== PROBLEM TO WORK ON ==
Print all of the data exactly, but drop the pictures.

[Dataset entries]
• • • • • • •

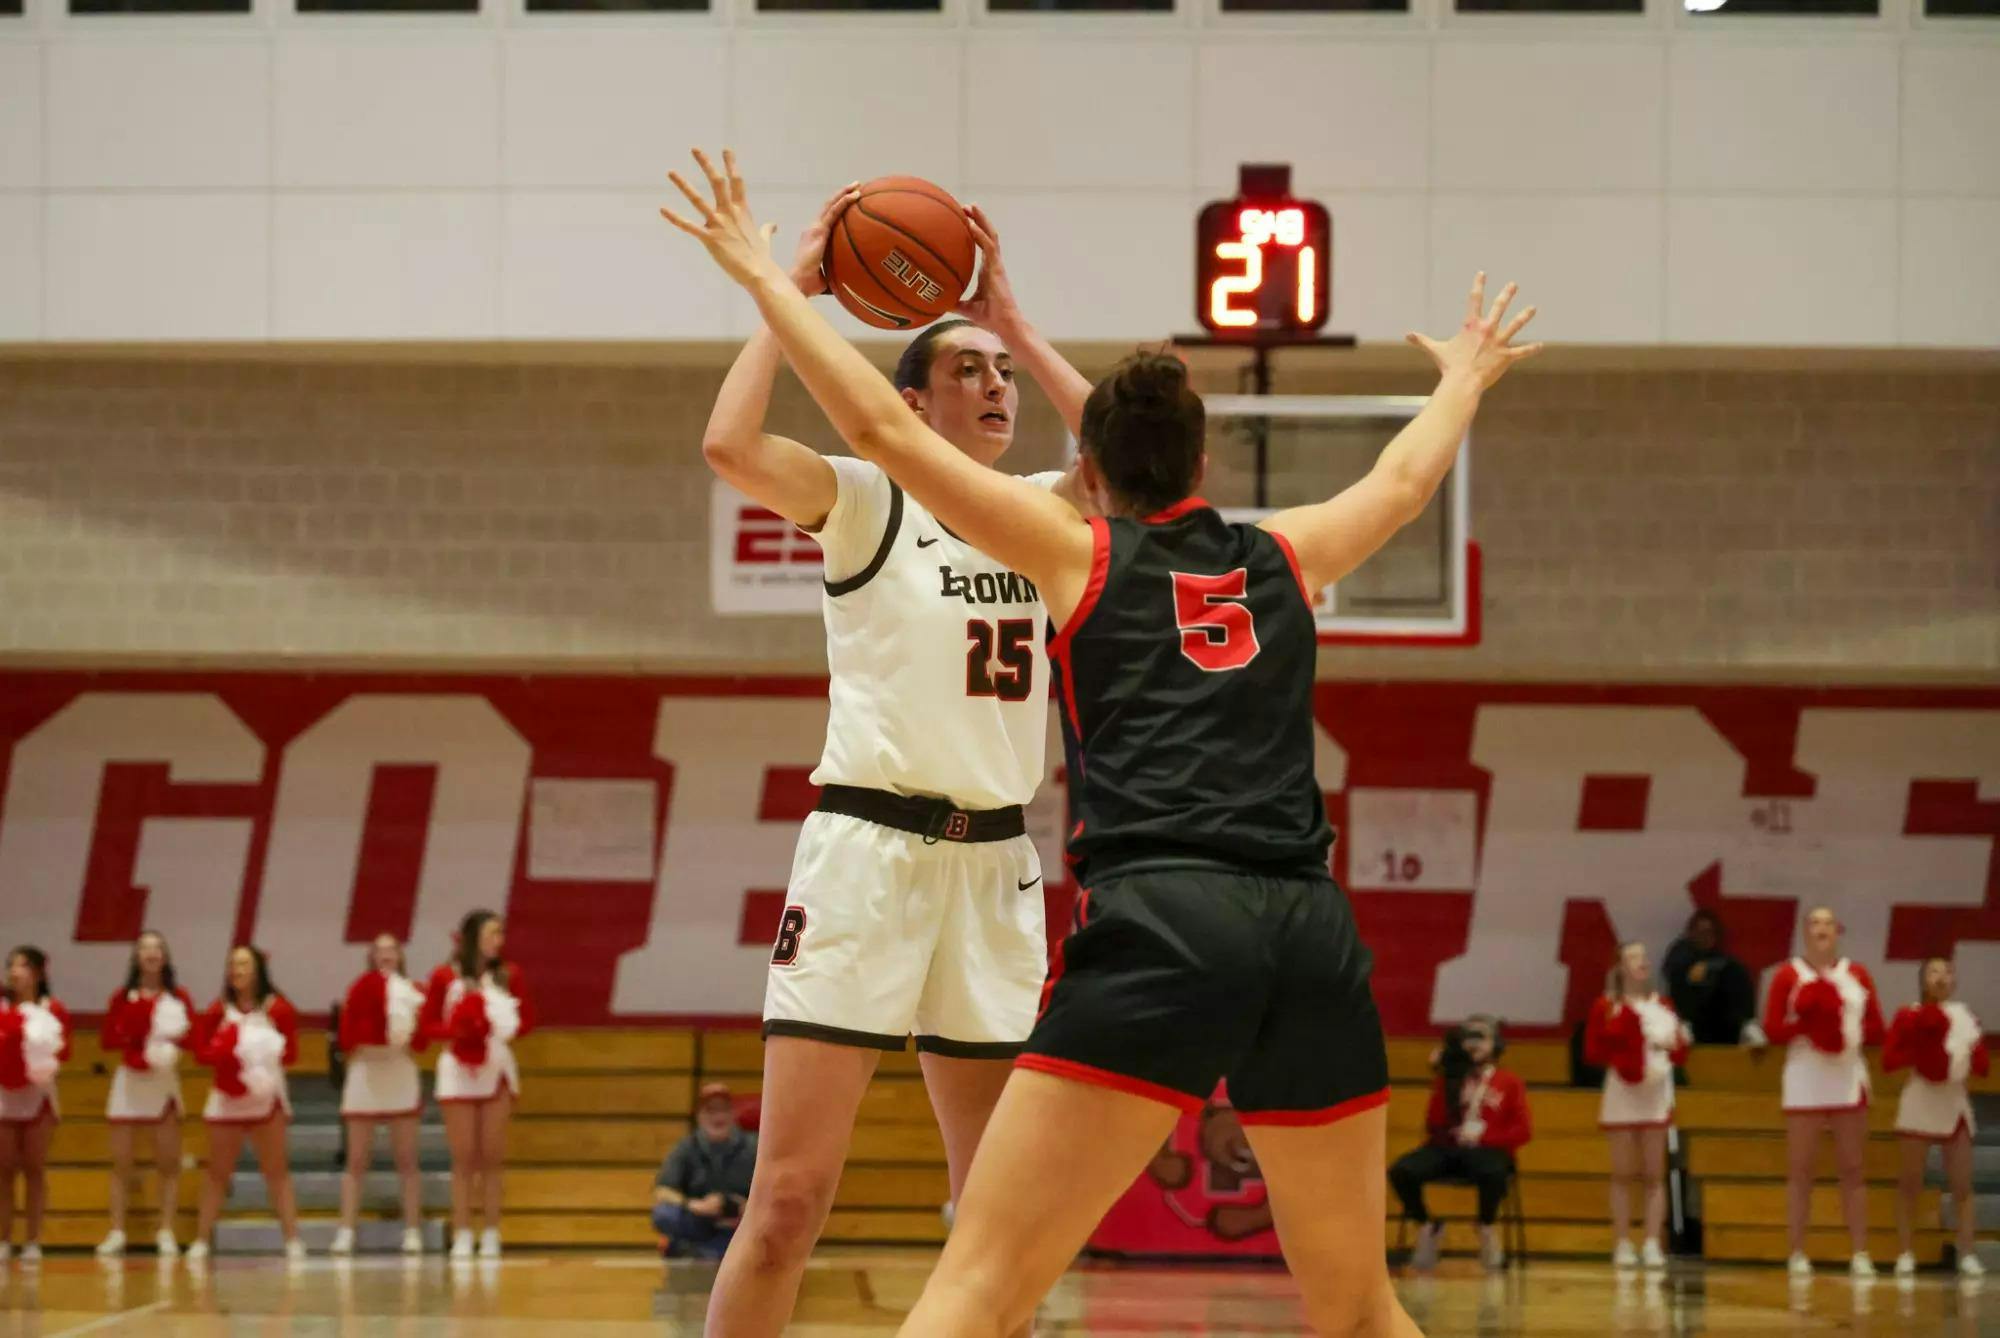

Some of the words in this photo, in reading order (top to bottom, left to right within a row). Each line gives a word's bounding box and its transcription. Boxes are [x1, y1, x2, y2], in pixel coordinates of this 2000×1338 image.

[880, 249, 944, 303] ELITE
[1211, 242, 1315, 326] 21
[966, 618, 1034, 702] 25
[1169, 567, 1261, 672] 5
[0, 692, 533, 1014] GO
[946, 812, 969, 839] B
[769, 905, 807, 967] B

• • • • • • •

== OUTPUT OF THE EXERCISE ==
Some of the words in this photo, in reading order (top to bottom, left to right within a row). Each line gives a word's bounding box and its transcription. Boxes are [x1, y1, x2, y2], in pixel coordinates of this 2000×1338 image.

[880, 249, 944, 303] ELITE
[1211, 242, 1315, 326] 21
[966, 618, 1034, 702] 25
[1169, 567, 1261, 672] 5
[0, 692, 533, 1014] GO
[946, 812, 969, 839] B
[769, 905, 807, 967] B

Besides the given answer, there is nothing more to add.